Nor does “stealth” just mean the radar-resistant coatings and cross sections of the X-47B anymore. Military researchers are in the prototype phase of building a collection of drones that look and move like critters — hummingbird drones, dragonfly drones, even a silicon jellyfish drone that flaps its way through the briny deep.
In 2011, elements from all four service branches under the U.S. Pacific Command gathered for Operation Terminal Fury, a massive war game conducted each year to test military teamwork in the theater. In addition to the usual assortment of contingencies and simulated threats — downed aircraft, disease outbreaks, humanitarian crises — the brass threw a curveball: a “playbook” of 161 separate computer attacks on PACOM command-and-control cooked up by Red Team cyber warriors that compromised the Blue Team’s ability to coordinate, maneuver, or even see its physical forces. At the same time, it tested Blue Team digital forces’ ability to contain and counter the attacks. It was the first time Terminal Fury featured a cyber component, and it was a sign of things to come.
In March of this year, Director of National Intelligence James R. Clapper told a Senate committee that cyber attacks are at the top of the “transnational threat list,” suggesting that digital warfare against the United States’ physical infrastructure and financial interests could replace the improvised explosive device as the paradigmatic weapon of asymmetrical warfare in the 21st century.

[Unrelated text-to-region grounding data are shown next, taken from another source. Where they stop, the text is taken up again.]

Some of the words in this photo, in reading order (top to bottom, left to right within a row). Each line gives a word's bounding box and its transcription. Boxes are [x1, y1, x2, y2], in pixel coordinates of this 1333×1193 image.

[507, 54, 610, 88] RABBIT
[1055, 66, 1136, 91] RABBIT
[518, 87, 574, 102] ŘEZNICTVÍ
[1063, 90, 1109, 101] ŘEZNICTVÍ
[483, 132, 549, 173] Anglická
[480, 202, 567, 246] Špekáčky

But it won’t just be terrorists and other non-state actors doing the damage. In real life, the “Red Team” is the People’s Republic of China, our greatest competitor for regional (and perhaps global) hegemony, and a state that backs up its formidable conventional and nuclear forces with hacker hordes.
Should it ever decide to get frisky, the PRC has the resources to launch what Leon Panetta called a “Cyber Pearl Harbor” — by crashing governmental and military communications networks, scrambling international financial servers, and turning our transportation infrastructure and power grids against themselves. These last, in particular, are examples of how cyber causes can yield “kinetic” effects. A few well-placed lines of code can make things go boom, derailing trains or overloading substations.

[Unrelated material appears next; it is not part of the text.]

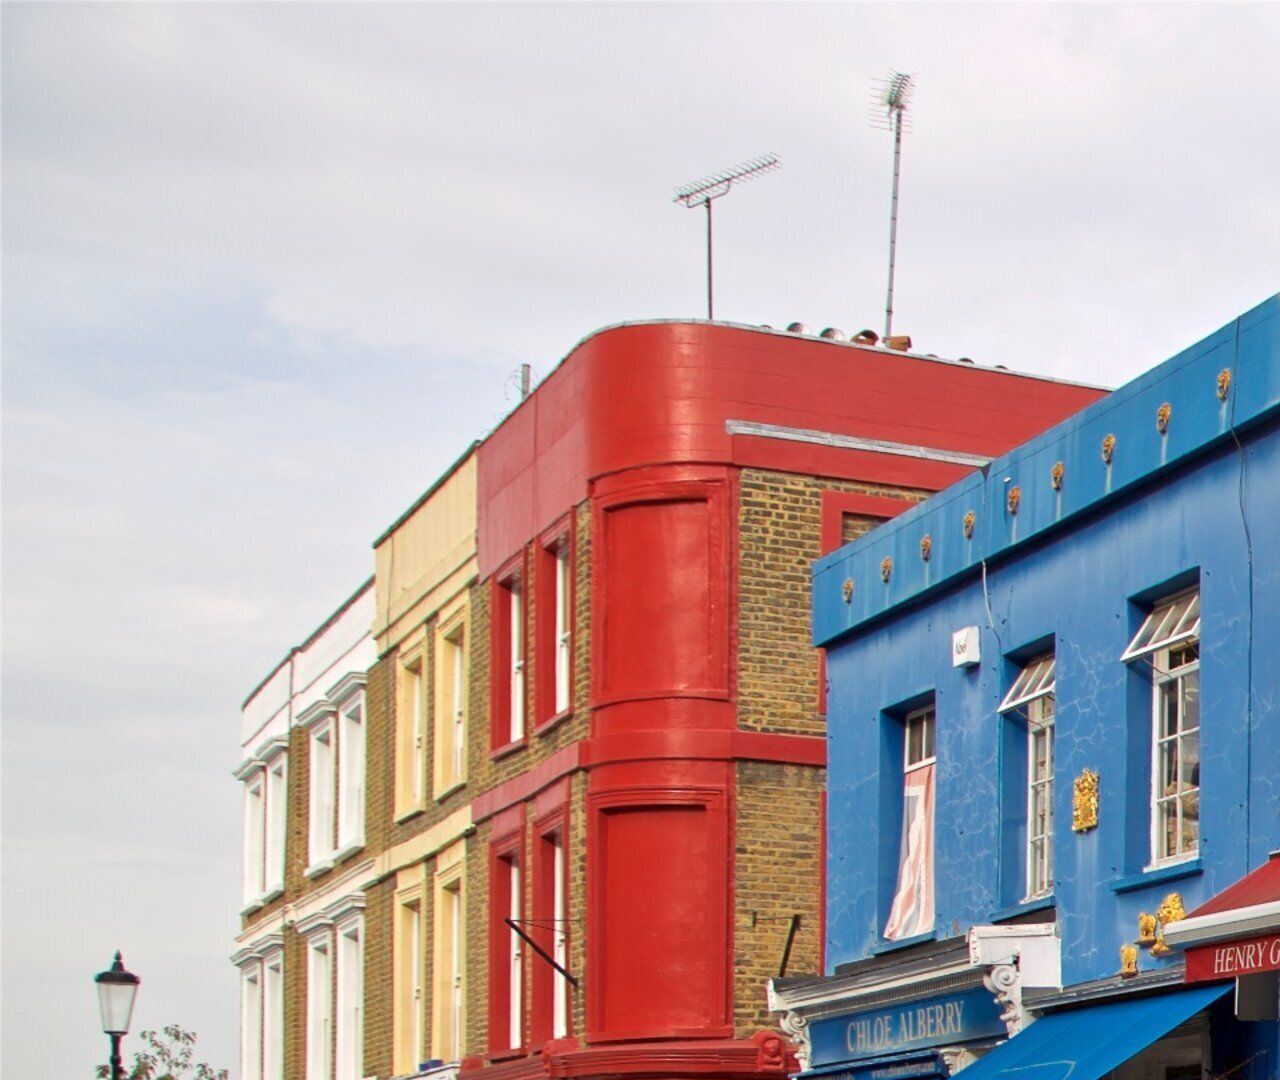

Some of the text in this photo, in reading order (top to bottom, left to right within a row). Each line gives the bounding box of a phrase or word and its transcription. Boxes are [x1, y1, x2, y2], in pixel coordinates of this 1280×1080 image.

[1214, 941, 1267, 974] HENRY
[847, 1000, 966, 1052] CHLOE ALBERRY

Fortunately, the brass has a plan. In March, Army general Keith B. Alexander, head of U.S. Cyber Command, announced the creation of a “highly trained cadre” comprising 13 “offensive teams” tasked with bringing the fight to our would-be cyber enemies. The new teams are part of a broader expansion of Cyber Command from fewer than a thousand full-time staff to 5,000. A number of “defensive” teams, tasked specifically with protecting Pentagon computer systems and the national power grid, were also created.
Nor is American cyber capability merely theoretical. If China can launch a Cyber Pearl Harbor, then the U.S. (along with Israel) has already launched a Cyber Operation Overlord, a massive, complex, and coordinated attack that set back the Iranian nuclear program by months or years via the now infamous Stuxnet virus.

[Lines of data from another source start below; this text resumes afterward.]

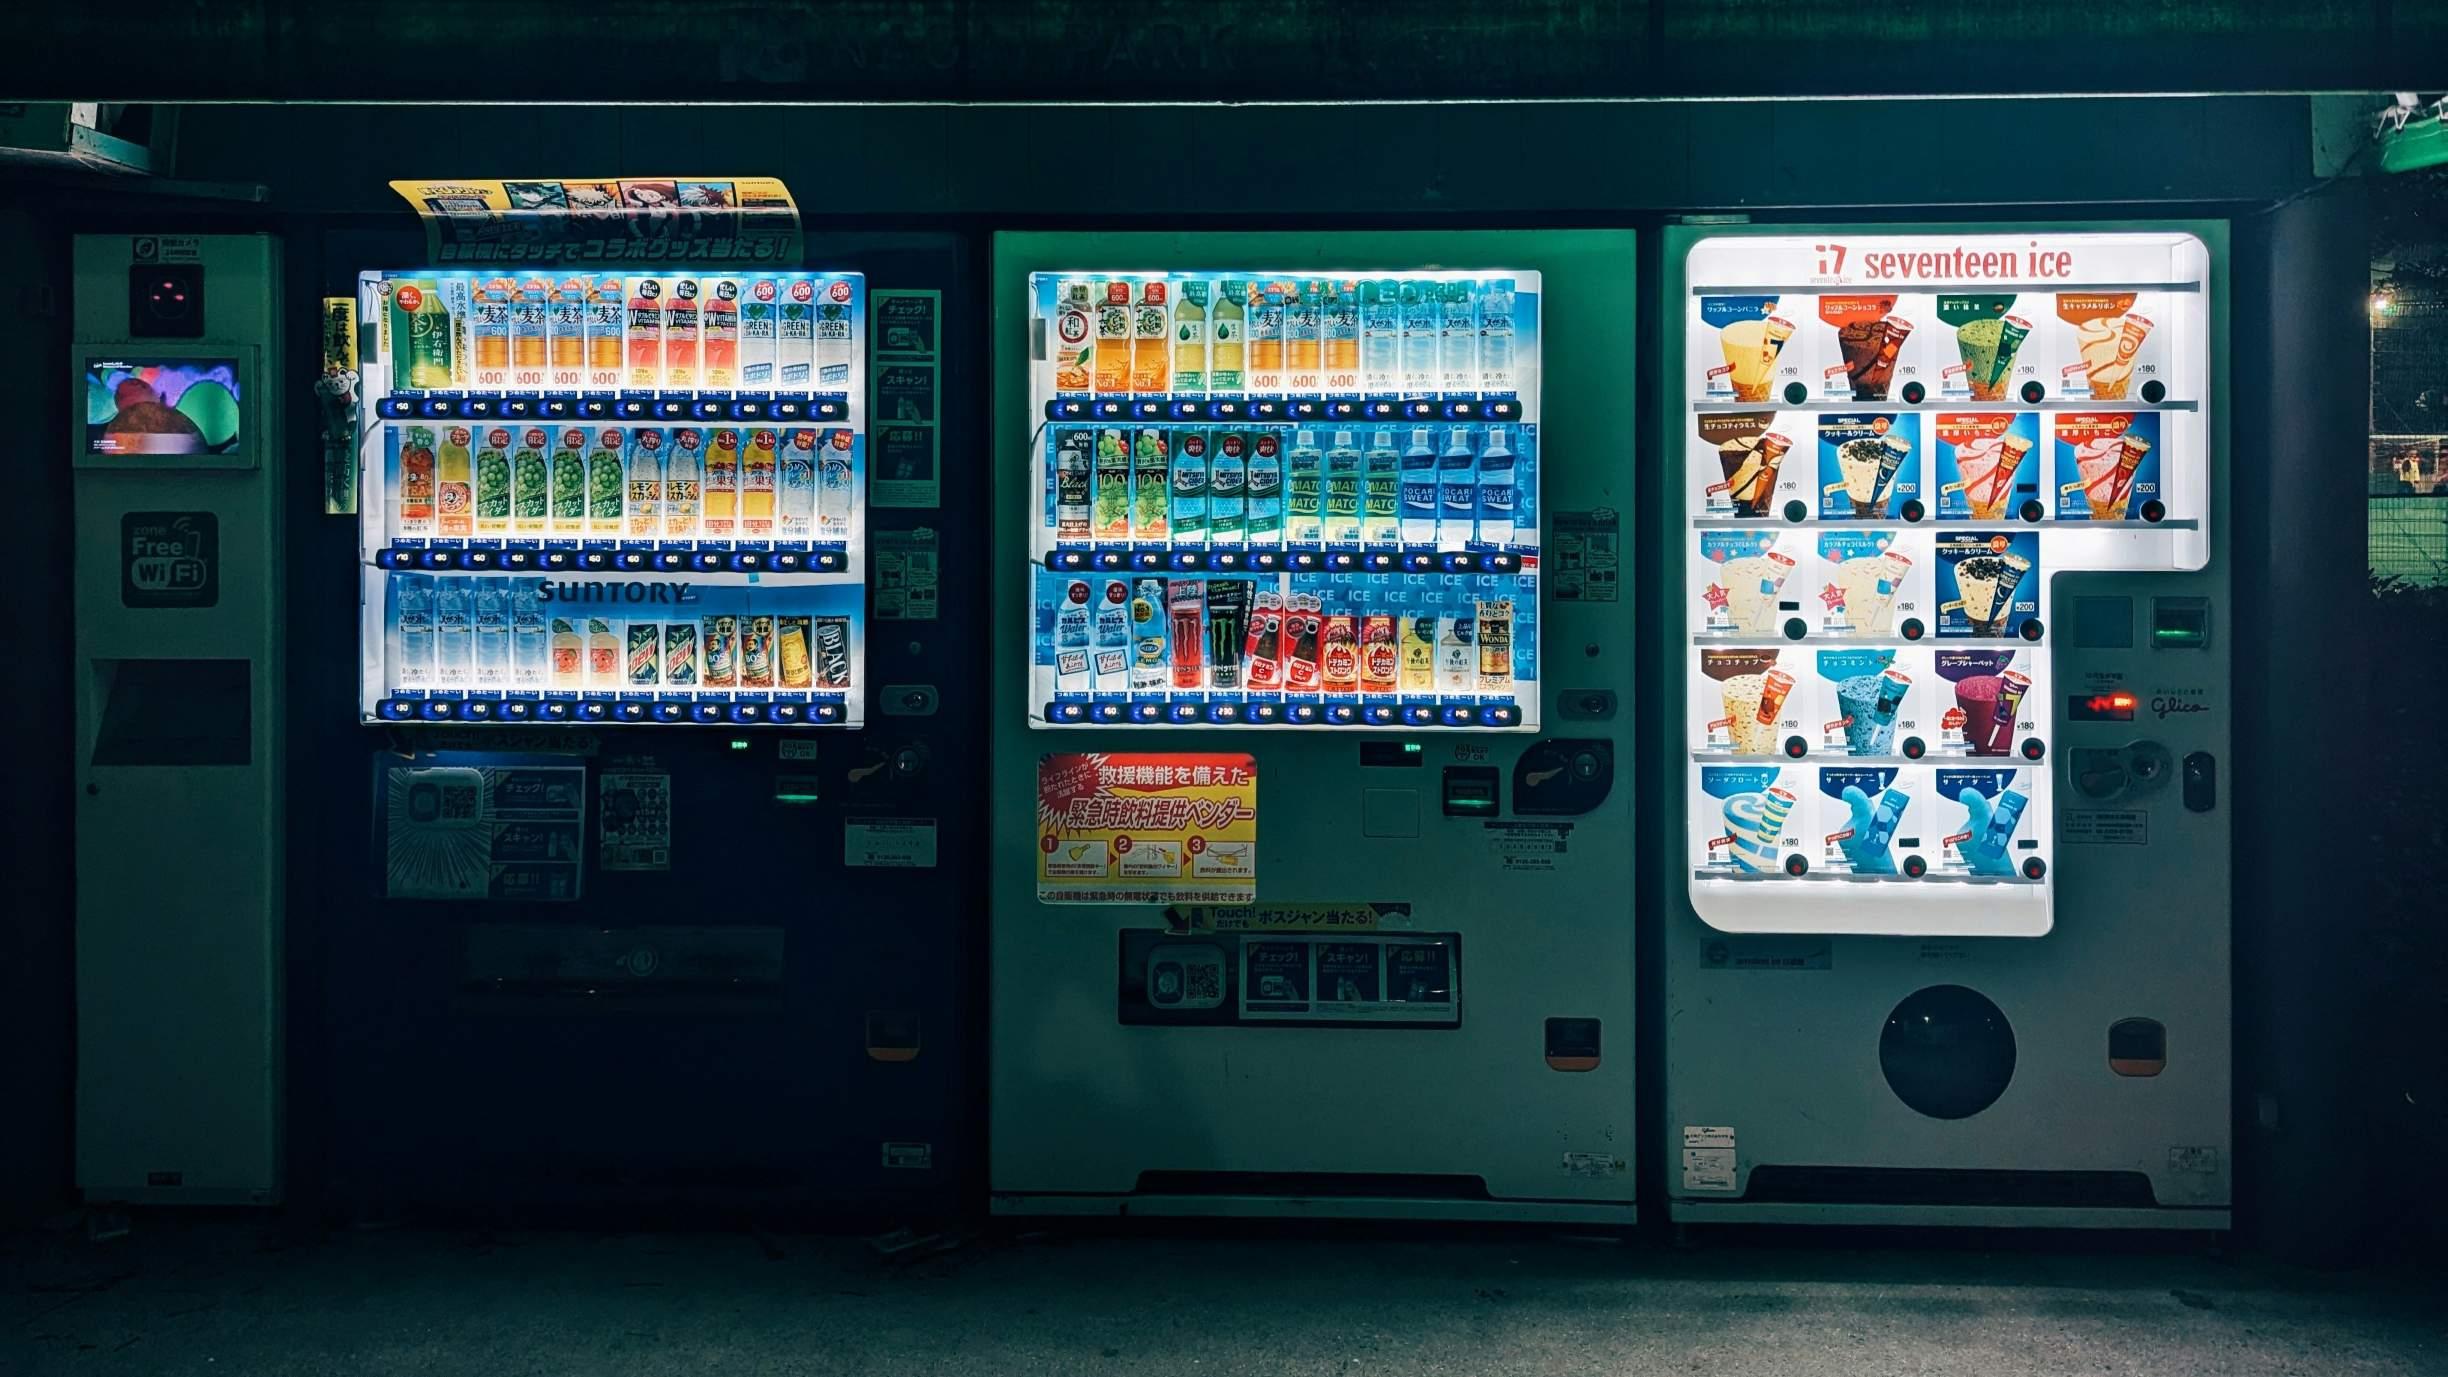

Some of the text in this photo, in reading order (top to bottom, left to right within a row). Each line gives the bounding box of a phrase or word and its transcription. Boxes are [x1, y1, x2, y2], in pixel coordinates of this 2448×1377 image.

[1865, 241, 2072, 279] seventeen ice
[757, 287, 773, 297] 600
[794, 287, 811, 297] 600
[832, 287, 849, 297] 600
[1111, 294, 1124, 302] 600
[1147, 294, 1160, 302] 600
[484, 305, 508, 323] 麦茶
[522, 305, 545, 323] 麦茶
[560, 305, 583, 323] 麦茶
[598, 305, 622, 323] 麦茶
[1067, 316, 1080, 328] 和
[478, 372, 502, 385] 600
[516, 372, 540, 385] 600
[554, 372, 578, 385] 600
[592, 372, 617, 385] 600
[1254, 375, 1278, 388] 600
[1292, 375, 1316, 388] 600
[1061, 475, 1088, 489] Black
[1098, 473, 1126, 489] 100
[1137, 473, 1164, 489] 100
[1404, 494, 1433, 502] SWEAT
[1482, 496, 1512, 504] SWEAT
[132, 537, 184, 556] Free
[1294, 573, 1317, 583] ICE
[1330, 573, 1353, 584] ICE
[1367, 574, 1389, 584] ICE
[1403, 574, 1425, 585] ICE
[1439, 575, 1462, 586] ICE
[1476, 575, 1499, 587] ICE
[1513, 576, 1535, 587] ICE
[539, 580, 690, 604] SUNTORY
[1177, 585, 1198, 597] 上陸
[1060, 624, 1087, 634] Water
[1098, 624, 1125, 634] Water
[1479, 633, 1509, 645] WONDA
[709, 652, 730, 663] BOSS
[746, 652, 767, 663] BOSS
[823, 630, 849, 686] BLACK
[2151, 696, 2210, 719] Glico
[1099, 766, 1249, 786] 救援機能を備えた
[1068, 798, 1255, 830] 緊急時飲料提供ベンダー
[1119, 838, 1128, 850] 2
[1192, 838, 1201, 850] 3
[1211, 906, 1256, 920] Touch!
[1259, 908, 1373, 925] ボスジャン当たる!

It is now thought that early versions of Stuxnet were under development as far back as 2005, insinuating themselves into the industrial computers at Iran’s Natanz enrichment facility even before it went online in 2007. In a lengthy dossier prepared after Stuxnet had already wreaked its havoc, the computer-security giant Symantec called it “one of the most complex threats ever discovered.”
Stuxnet used a “vast array of components,” including the first “rootkit” (a package that both gives the hacker privileged access to a target system and masks his presence from hackees) that could hijack the specialized “programmable logic controllers” (PLCs) that run most automated industrial processes. PLCs are almost never hooked up to the Internet, which means Stuxnet had to infect as many of the ordinary Windows computers in use at Natanz as possible — spreading itself like the Black Death through thumb drives, local networks, even printers — to increase the chance that one would eventually interface with the PLCs. Even so, it is believed that the attack must have required old-fashioned espionage — including spies at Natanz and the physical theft of highly protected code from corporate facilities — to go off. It took years for that to happen; but once it did, Stuxnet executed its core mission, reprogramming Natanz’s machinery to operate outside of its safe boundaries and ultimately destroy itself.
Natanz could go down as the first great battle, and Stuxnet as the first great weapon, of global cyber warfare. Oddly, the best sign of the military’s increased investment in cyberspace might be a simple accounting move: According to Reuters, just this month the Air Force officially redesignated six cyber technologies as weapons, better positioning them to win increasingly scarce defense dollars. More significant still, the six weapons in question are classified.